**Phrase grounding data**
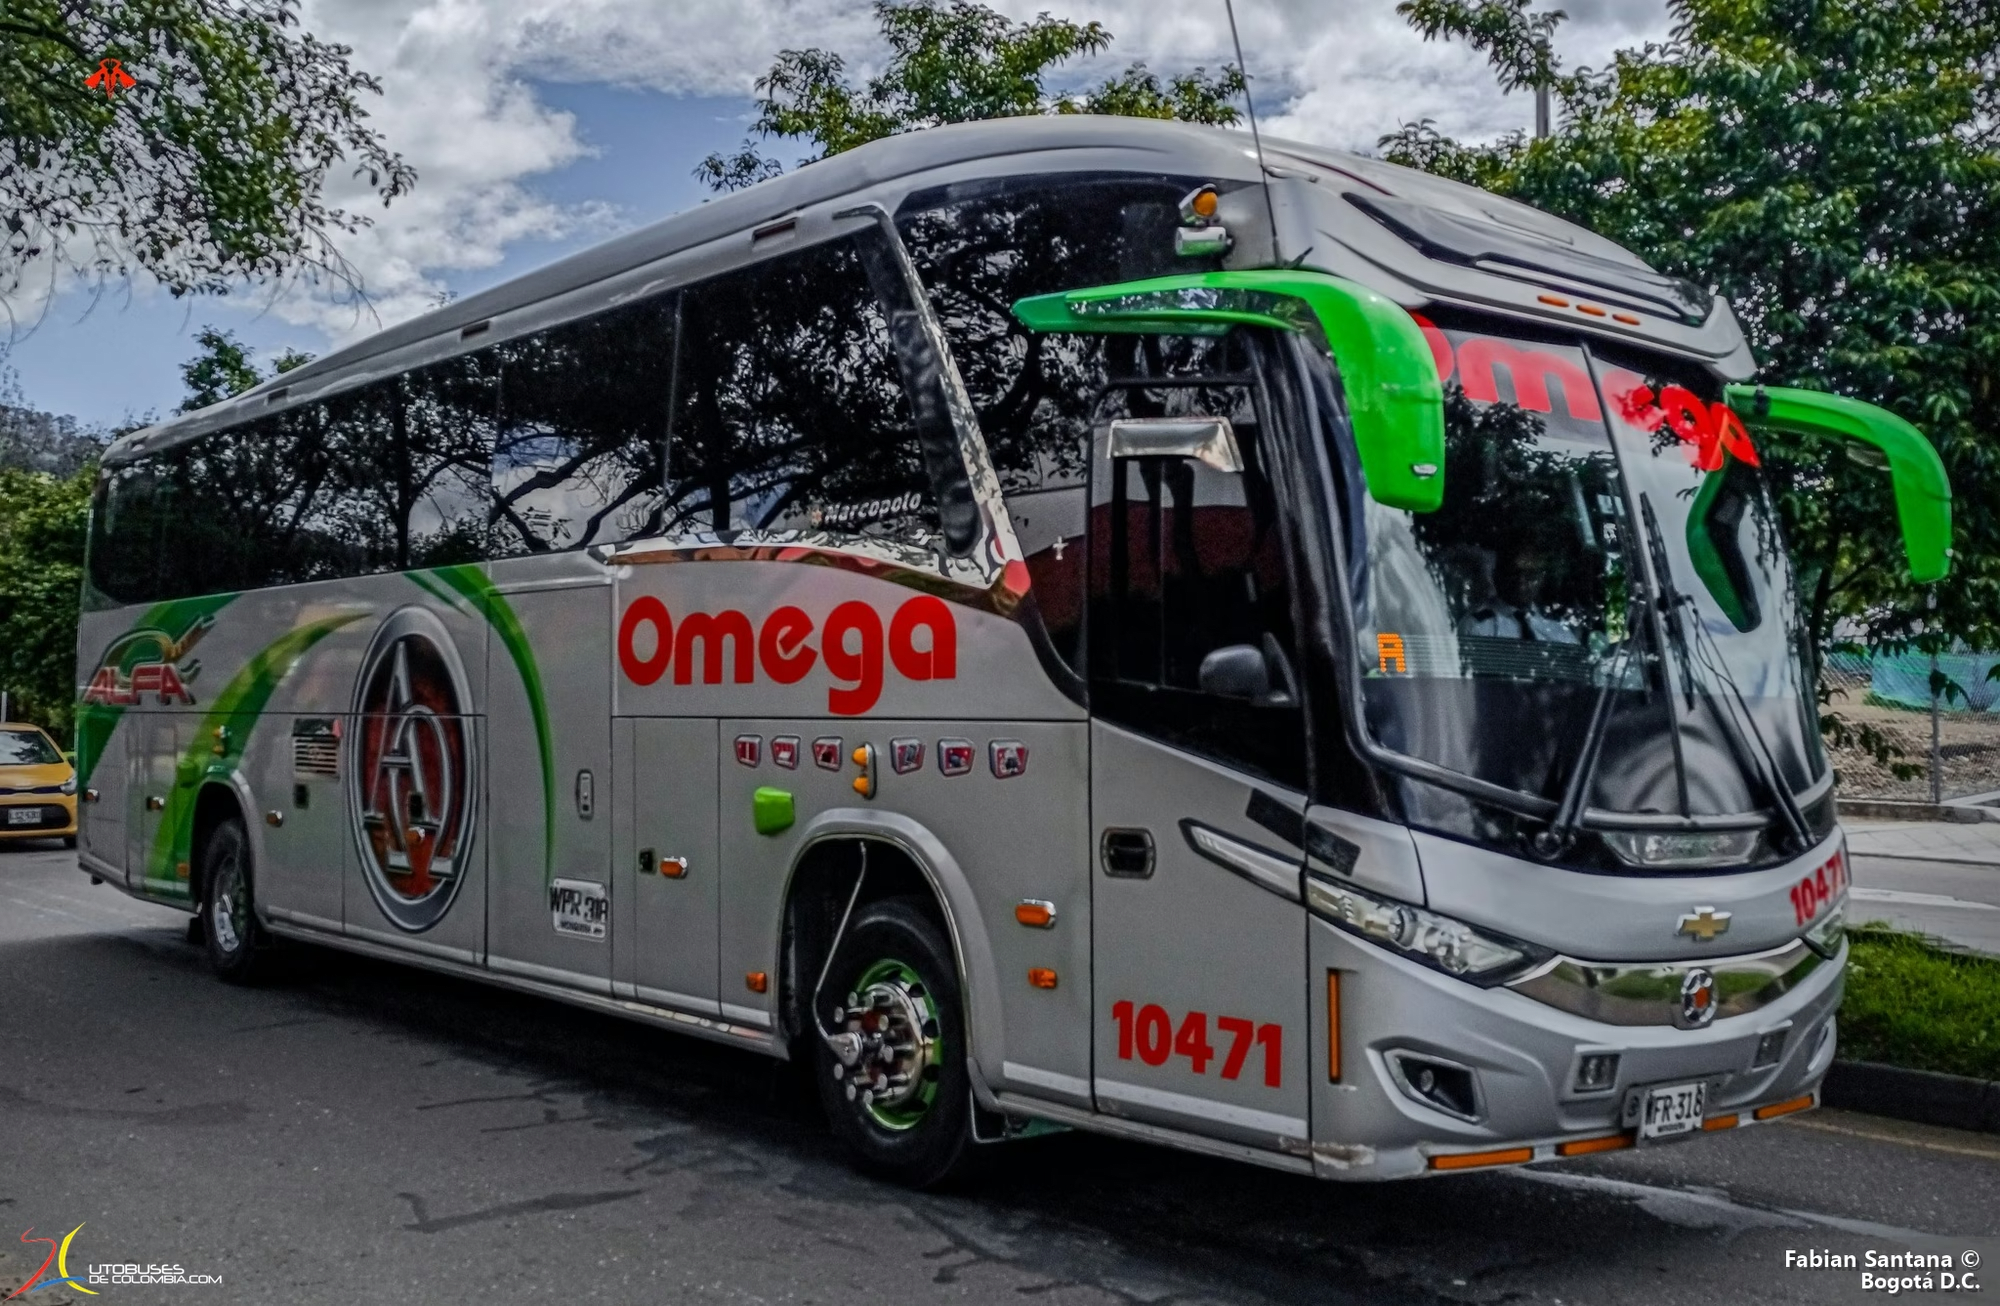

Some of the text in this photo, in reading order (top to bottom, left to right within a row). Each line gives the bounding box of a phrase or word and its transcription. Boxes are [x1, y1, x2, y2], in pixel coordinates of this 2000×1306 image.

[83, 663, 197, 705] ALFA
[617, 595, 958, 716] Omega
[1377, 633, 1406, 672] A
[1789, 848, 1846, 927] 10471
[1112, 999, 1282, 1088] 10471
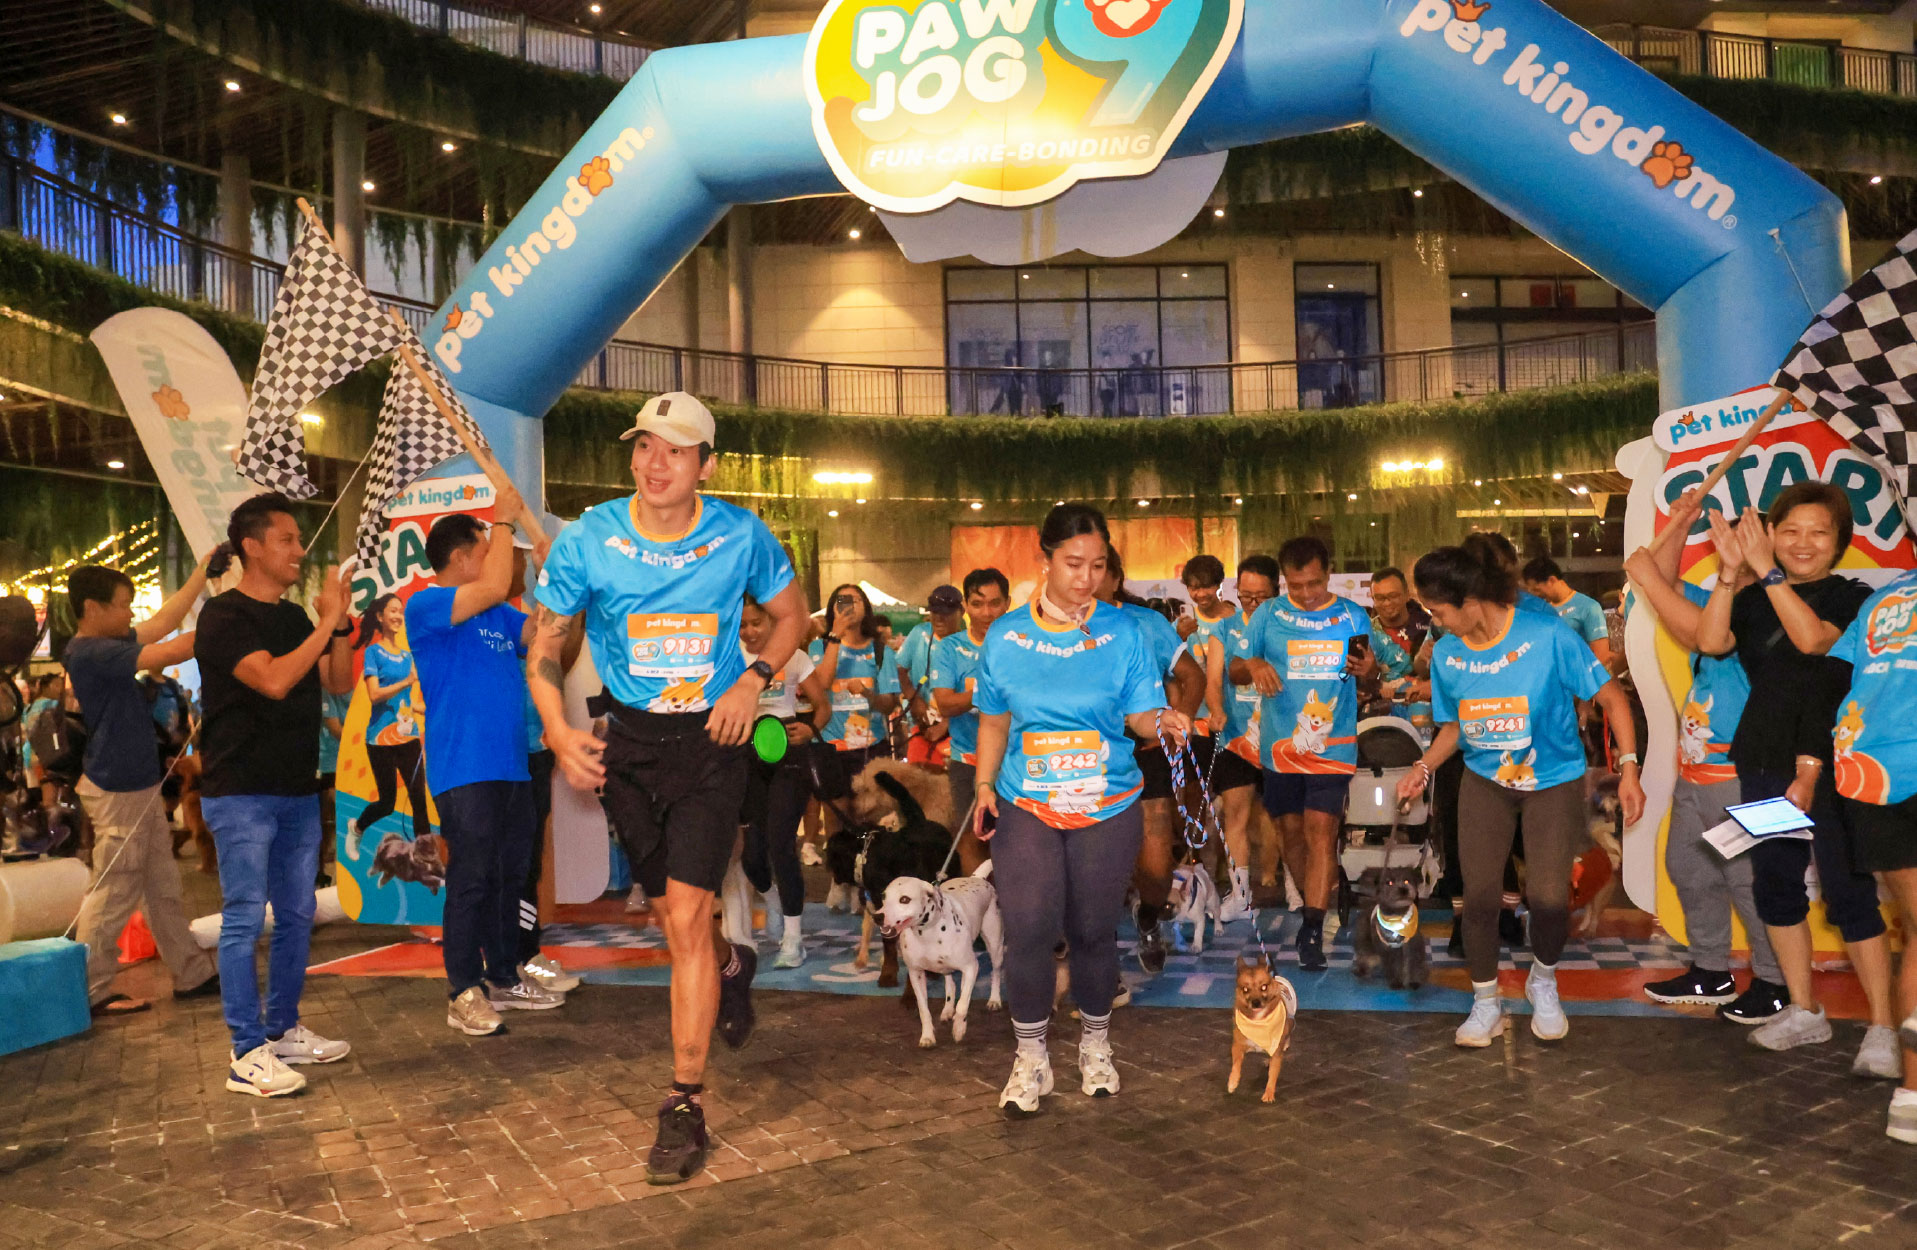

**AIM OF THE EXERCISE**
The entries above must be output exactly, with every image left out.

**SOLUTION BELOW**
Some of the text in this photo, in reading order (top to bottom, left to right within a row). Each line gives the bounding box of a phrase or word and its transcription. Boxes are [x1, y1, x2, y2], in pixel coordinates of this 2000×1306 image.

[83, 663, 197, 705] ALFA
[617, 595, 958, 716] Omega
[1377, 633, 1406, 672] A
[1789, 848, 1846, 927] 10471
[1112, 999, 1282, 1088] 10471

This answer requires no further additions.